■ What is required
Please write out all of the entries exactly as they appear.
⁂
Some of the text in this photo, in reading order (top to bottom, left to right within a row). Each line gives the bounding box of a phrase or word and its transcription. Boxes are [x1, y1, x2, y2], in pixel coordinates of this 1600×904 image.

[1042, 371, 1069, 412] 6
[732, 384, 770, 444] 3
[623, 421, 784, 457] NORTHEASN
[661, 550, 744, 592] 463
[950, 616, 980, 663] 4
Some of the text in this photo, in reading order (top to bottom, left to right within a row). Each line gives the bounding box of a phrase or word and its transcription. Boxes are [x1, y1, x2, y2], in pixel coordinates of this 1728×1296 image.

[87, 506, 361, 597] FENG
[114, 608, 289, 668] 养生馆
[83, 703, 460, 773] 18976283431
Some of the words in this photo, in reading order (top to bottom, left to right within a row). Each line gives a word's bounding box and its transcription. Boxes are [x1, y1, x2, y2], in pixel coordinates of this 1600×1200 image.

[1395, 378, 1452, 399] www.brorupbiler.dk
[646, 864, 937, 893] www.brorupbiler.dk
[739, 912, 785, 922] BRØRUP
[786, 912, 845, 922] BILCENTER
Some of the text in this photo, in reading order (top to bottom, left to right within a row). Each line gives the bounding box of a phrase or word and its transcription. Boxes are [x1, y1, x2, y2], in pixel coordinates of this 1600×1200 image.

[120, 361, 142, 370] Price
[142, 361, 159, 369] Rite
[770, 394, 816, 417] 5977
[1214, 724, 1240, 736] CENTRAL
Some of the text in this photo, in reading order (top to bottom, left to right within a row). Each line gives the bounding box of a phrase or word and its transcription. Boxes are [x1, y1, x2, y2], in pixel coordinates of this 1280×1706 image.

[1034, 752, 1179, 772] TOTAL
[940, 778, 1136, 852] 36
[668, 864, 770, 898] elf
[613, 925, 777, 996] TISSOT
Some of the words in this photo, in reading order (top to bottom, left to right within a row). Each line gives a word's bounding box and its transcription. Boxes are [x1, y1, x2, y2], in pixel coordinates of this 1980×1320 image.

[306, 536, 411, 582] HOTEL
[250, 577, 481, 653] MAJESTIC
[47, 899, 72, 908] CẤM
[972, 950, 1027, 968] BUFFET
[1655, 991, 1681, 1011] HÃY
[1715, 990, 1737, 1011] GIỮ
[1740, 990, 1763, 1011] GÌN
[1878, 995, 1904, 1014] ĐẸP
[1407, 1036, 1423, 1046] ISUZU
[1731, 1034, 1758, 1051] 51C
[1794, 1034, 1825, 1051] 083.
⁂
■ Exercise solution
Some of the text in this photo, in reading order (top to bottom, left to right within a row). Each line gives the bounding box of a phrase or word and its transcription. Boxes are [x1, y1, x2, y2], in pixel coordinates of this 1600×904 image.

[1042, 371, 1069, 412] 6
[732, 384, 770, 444] 3
[623, 421, 784, 457] NORTHEASN
[661, 550, 744, 592] 463
[950, 616, 980, 663] 4
Some of the text in this photo, in reading order (top to bottom, left to right within a row). Each line gives the bounding box of a phrase or word and its transcription. Boxes are [x1, y1, x2, y2], in pixel coordinates of this 1728×1296 image.

[87, 506, 361, 597] FENG
[114, 608, 289, 668] 养生馆
[83, 703, 460, 773] 18976283431
Some of the words in this photo, in reading order (top to bottom, left to right within a row). Each line gives a word's bounding box and its transcription. Boxes are [x1, y1, x2, y2], in pixel coordinates of this 1600×1200 image.

[1395, 378, 1452, 399] www.brorupbiler.dk
[646, 864, 937, 893] www.brorupbiler.dk
[739, 912, 785, 922] BRØRUP
[786, 912, 845, 922] BILCENTER
Some of the text in this photo, in reading order (top to bottom, left to right within a row). Each line gives the bounding box of a phrase or word and its transcription. Boxes are [x1, y1, x2, y2], in pixel coordinates of this 1600×1200 image.

[120, 361, 142, 370] Price
[142, 361, 159, 369] Rite
[770, 394, 816, 417] 5977
[1214, 724, 1240, 736] CENTRAL
Some of the text in this photo, in reading order (top to bottom, left to right within a row). Each line gives the bounding box of a phrase or word and its transcription. Boxes are [x1, y1, x2, y2], in pixel coordinates of this 1280×1706 image.

[1034, 752, 1179, 772] TOTAL
[940, 778, 1136, 852] 36
[668, 864, 770, 898] elf
[613, 925, 777, 996] TISSOT
Some of the words in this photo, in reading order (top to bottom, left to right within a row). Each line gives a word's bounding box and its transcription. Boxes are [x1, y1, x2, y2], in pixel coordinates of this 1980×1320 image.

[306, 536, 411, 582] HOTEL
[250, 577, 481, 653] MAJESTIC
[47, 899, 72, 908] CẤM
[972, 950, 1027, 968] BUFFET
[1655, 991, 1681, 1011] HÃY
[1715, 990, 1737, 1011] GIỮ
[1740, 990, 1763, 1011] GÌN
[1878, 995, 1904, 1014] ĐẸP
[1407, 1036, 1423, 1046] ISUZU
[1731, 1034, 1758, 1051] 51C
[1794, 1034, 1825, 1051] 083.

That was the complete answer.